Creating an ideal sleeping environment involves several factors: ensuring your room is dark, using blackout curtains or eye masks that block out light — maintaining a comfortable temperature of around 18 degrees Celsius is often recommended — and minimizing noise, possibly with earplugs. Investing in a quality mattress and pillows that support your preferred sleeping position can prevent discomfort and frequent awakenings. A conducive sleep environment promotes uninterrupted sleep, essential for cognitive processes and effective decision-making.

Step 5 — Watch your diet

Dietary choices can significantly impact sleep quality. Heavy or spicy meals close to bedtime can cause discomfort and indigestion, making it harder to fall asleep. Caffeine and nicotine are stimulants that can delay sleep onset, while alcohol, though initially sedating, can disrupt sleep patterns later in the night. Opting for light snacks if hungry before bed, such as a small bowl of cereal with milk or a banana, can prevent hunger pangs without disturbing your sleep, thus maintaining the clarity of thought for decisions.

Step 6 — Exercise regularly

Regular exercise has been shown to improve sleep quality by reducing the time it takes to fall asleep and increasing the duration of deep sleep. However, timing is crucial — engaging in vigorous exercise too close to bedtime can energize you, making it difficult to wind down. Morning or early afternoon exercise can help reinforce your natural circadian rhythms, promoting better sleep at night and enhancing your mental acuity and decision-making skills.

Step 7 — Limit naps

While napping can help offset sleep deficits, it’s essential to limit naps to early in the afternoon and to keep them under 30 minutes. This prevents interference with nighttime sleep patterns and ensures that the benefits of a quick rest, such as increased alertness and improved mood, do not come at the cost of nighttime sleep quality. Strategic napping can refresh your mind without compromising the therapeutic benefits of a whole night’s sleep, which is crucial for decision-making.

Step 8 — Manage stress

High-stress levels can lead to restless nights and fragmented sleep, impairing cognitive function and decision-making.

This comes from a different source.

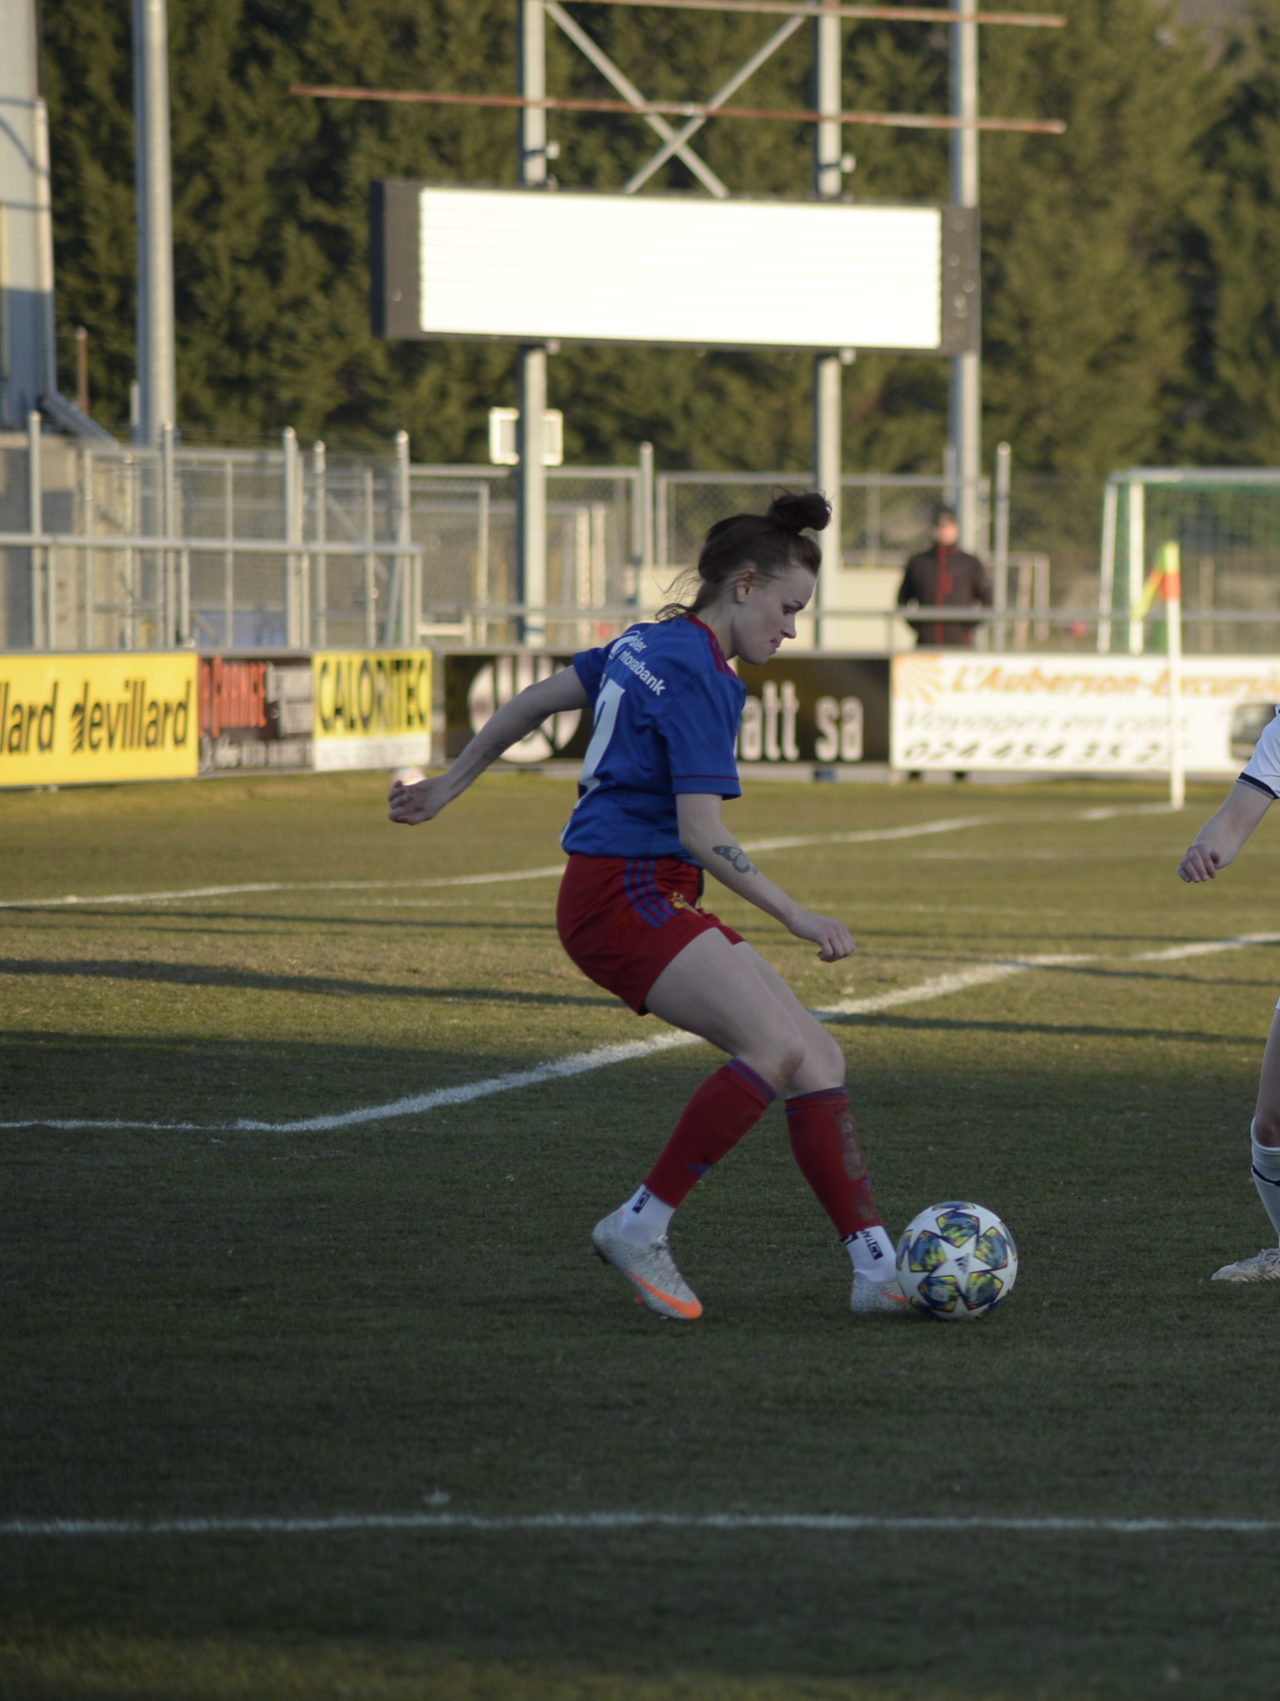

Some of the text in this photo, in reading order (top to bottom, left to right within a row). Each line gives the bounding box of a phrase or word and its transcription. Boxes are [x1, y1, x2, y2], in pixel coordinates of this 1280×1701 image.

[0, 680, 58, 754] lard
[71, 679, 193, 753] devillard
[735, 680, 863, 761] att sa

Techniques such as deep breathing exercises, progressive muscle relaxation, and mindfulness meditation can effectively manage stress before bed. Establishing a practice of writing down worries or planning the next day’s tasks can also help clear your mind and reduce the anxiety that often interferes with sleep, ensuring that your decision-making abilities remain sharp.

Step 9 — Expose yourself to natural light

Exposure to natural light, particularly in the morning, helps regulate your body’s sleep-wake cycle. This exposure can be as simple as taking a morning walk or having breakfast by a sunny window. The natural light helps suppress melatonin production during the day, making it easier for your body to produce it at night. This synchronization with natural light patterns can improve sleep quality and duration, directly linked to improved cognitive performance and decision-making.

Step 10 — Seek professional help if needed

When sleep issues persist and interfere with daily functioning, it may be time to consult a healthcare provider or a sleep specialist. Conditions such as sleep apnea, insomnia, or restless legs syndrome require professional diagnosis and treatment. Addressing these issues cannot only improve sleep quality but also have a profound impact on mental health, including the ability to think, manage emotions, and make well-informed decisions.

Sleep is not just a period of rest but a critical component of your overall health and mental performance.

Thanks for reading, and keep moving forward!